INFORMATION -
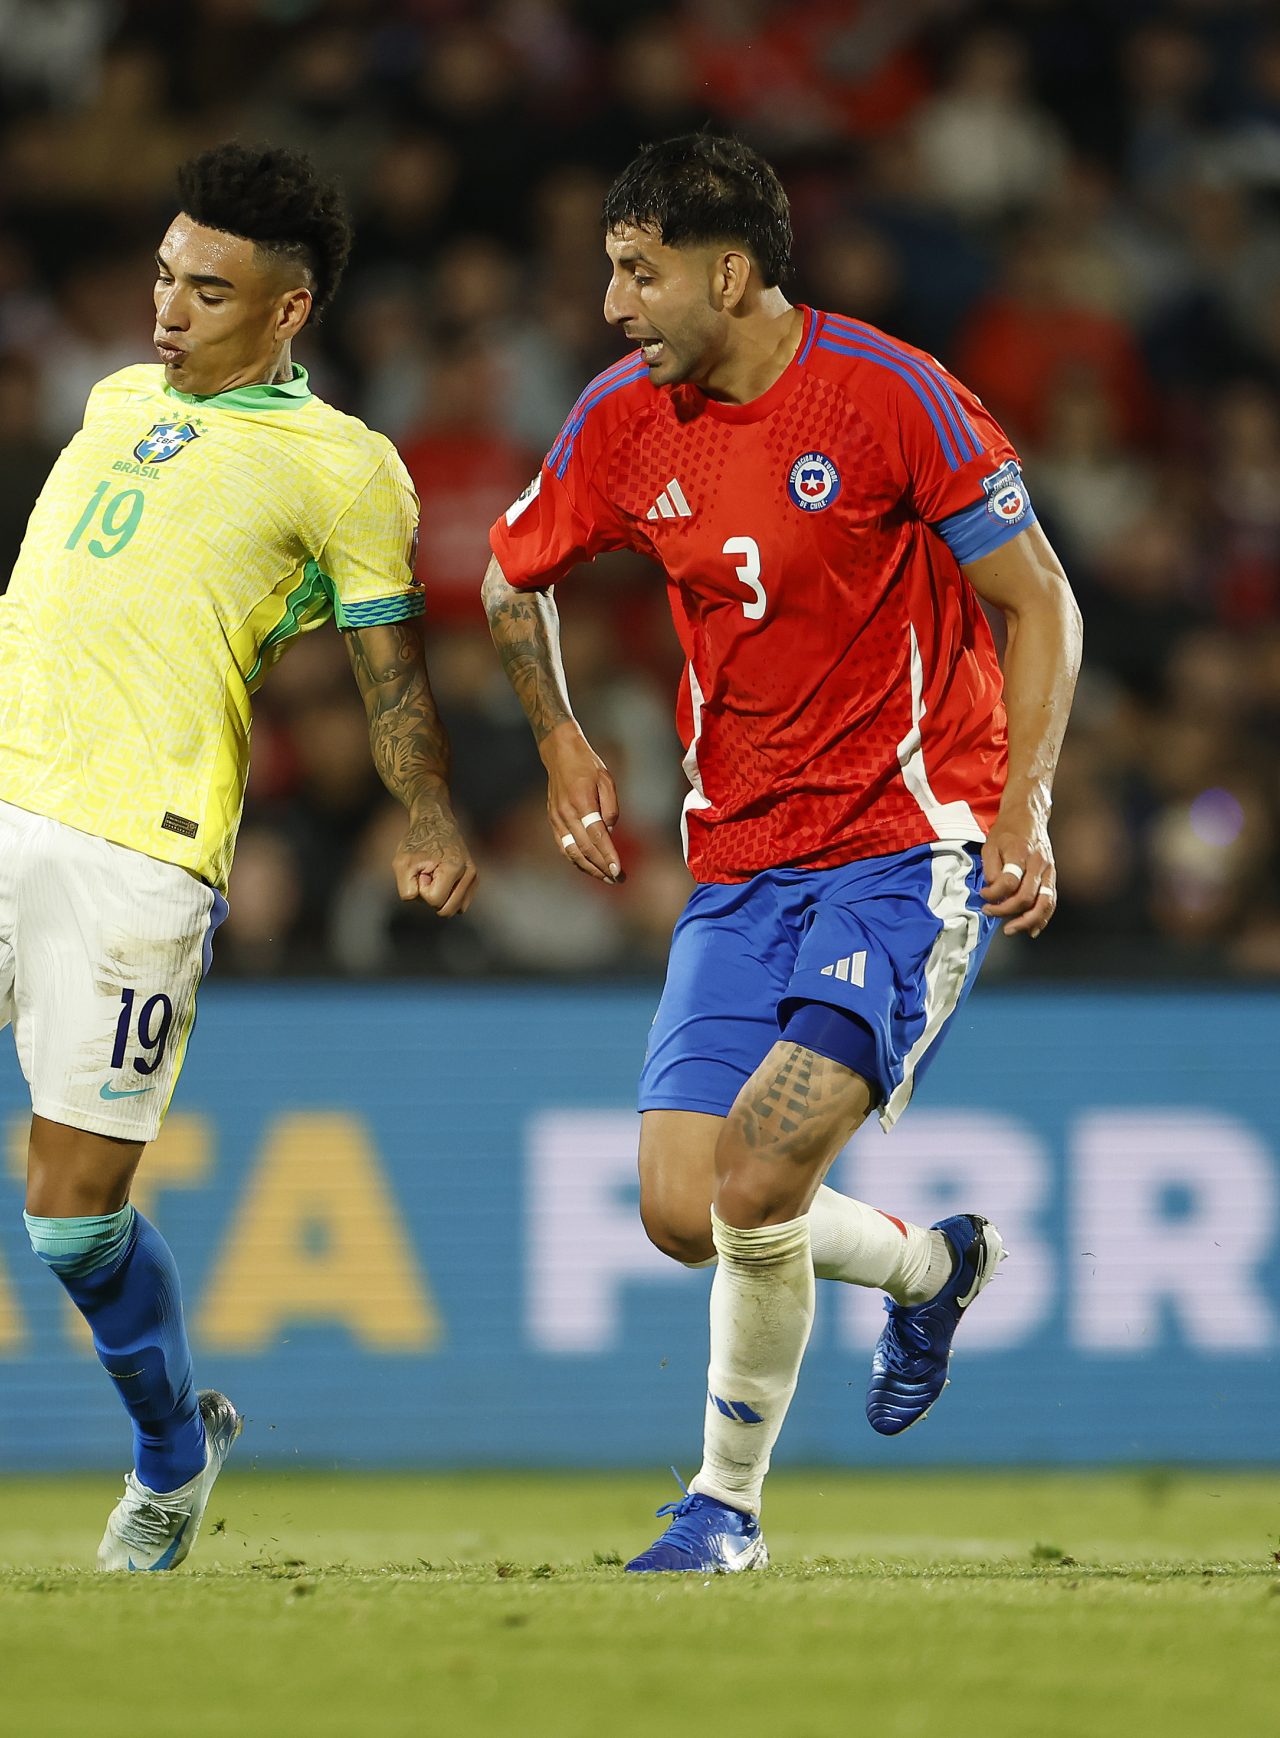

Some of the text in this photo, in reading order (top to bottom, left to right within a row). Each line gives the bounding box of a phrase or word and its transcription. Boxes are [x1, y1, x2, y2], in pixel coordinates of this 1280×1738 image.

[111, 460, 161, 480] BRASIL
[155, 435, 176, 446] CBF
[64, 480, 145, 559] 19
[722, 536, 767, 620] 3
[110, 987, 173, 1075] 19
[523, 1106, 1277, 1357] FBR
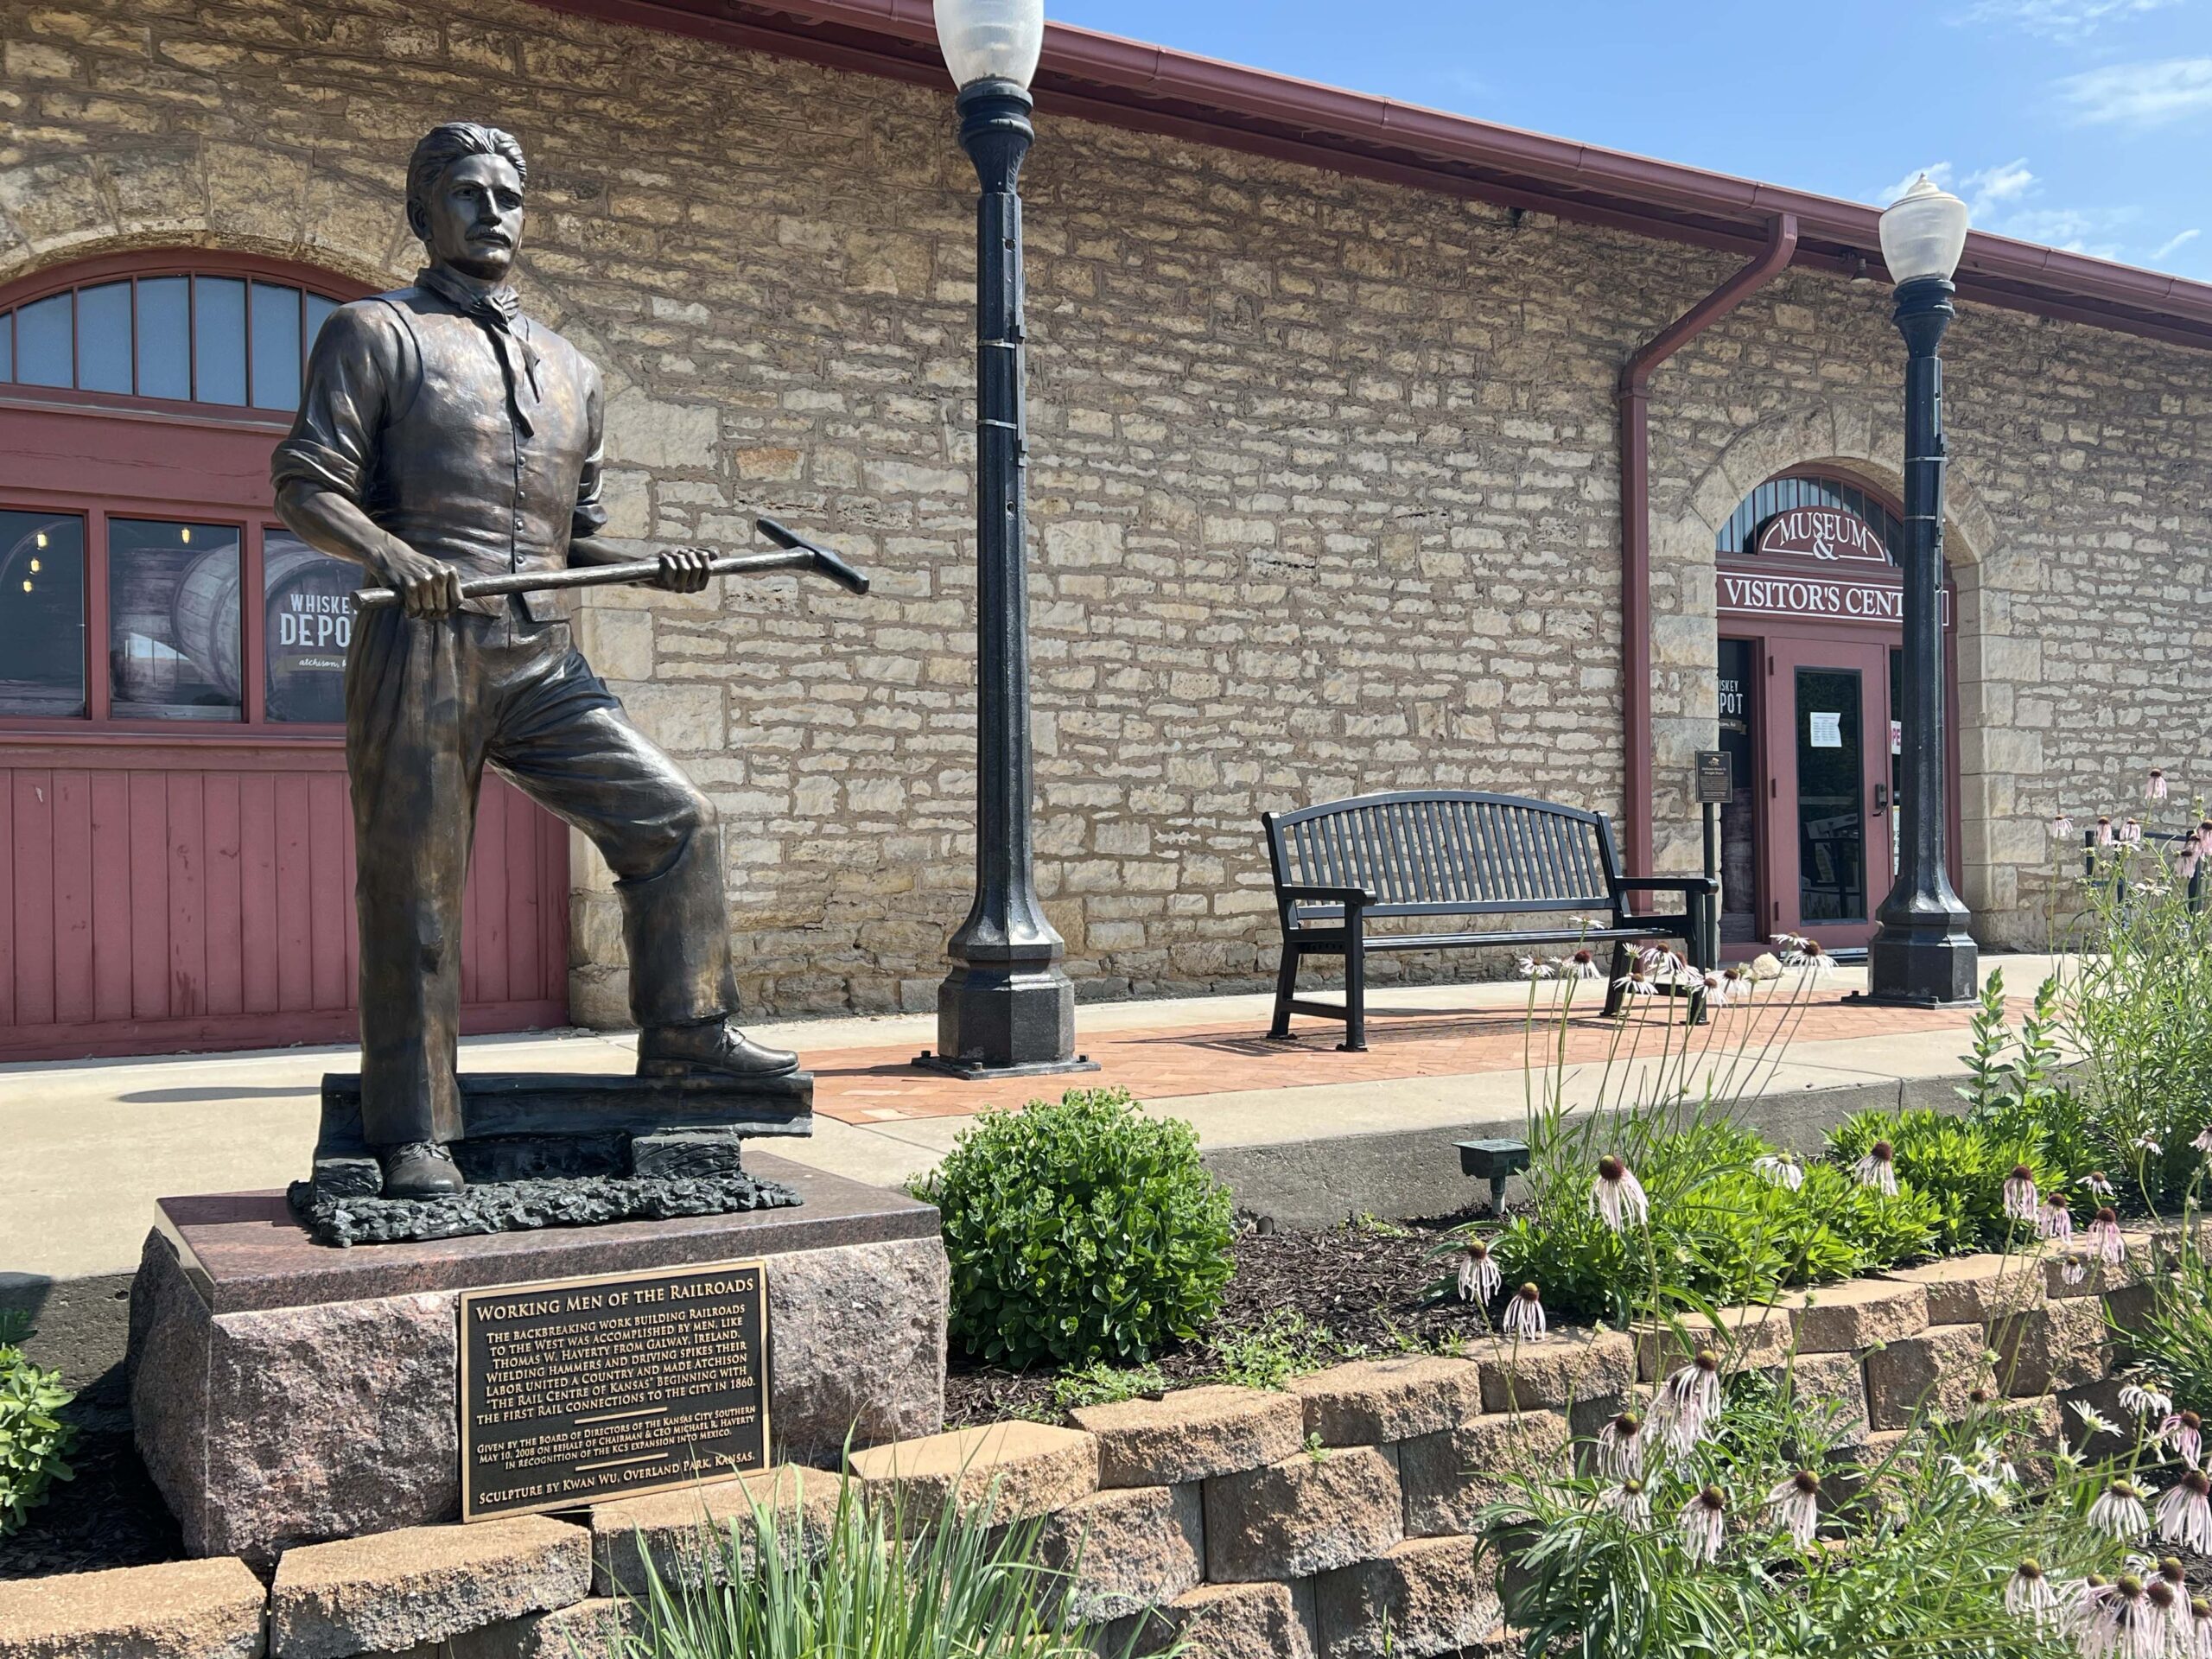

WHAT IS NEEDED - Word for word, return the material above, but drop the pictures.

ANSWER FOR THIS EXERCISE -
Some of the text in this photo, in reading order (top to bottom, left to right within a row). Each line gives the bounding box of a phrase or word and its transcription. Boxes are [x1, y1, x2, y2], in pixel coordinates of this 1280×1738 image.

[111, 460, 161, 480] BRASIL
[155, 435, 176, 446] CBF
[64, 480, 145, 559] 19
[722, 536, 767, 620] 3
[110, 987, 173, 1075] 19
[523, 1106, 1277, 1357] FBR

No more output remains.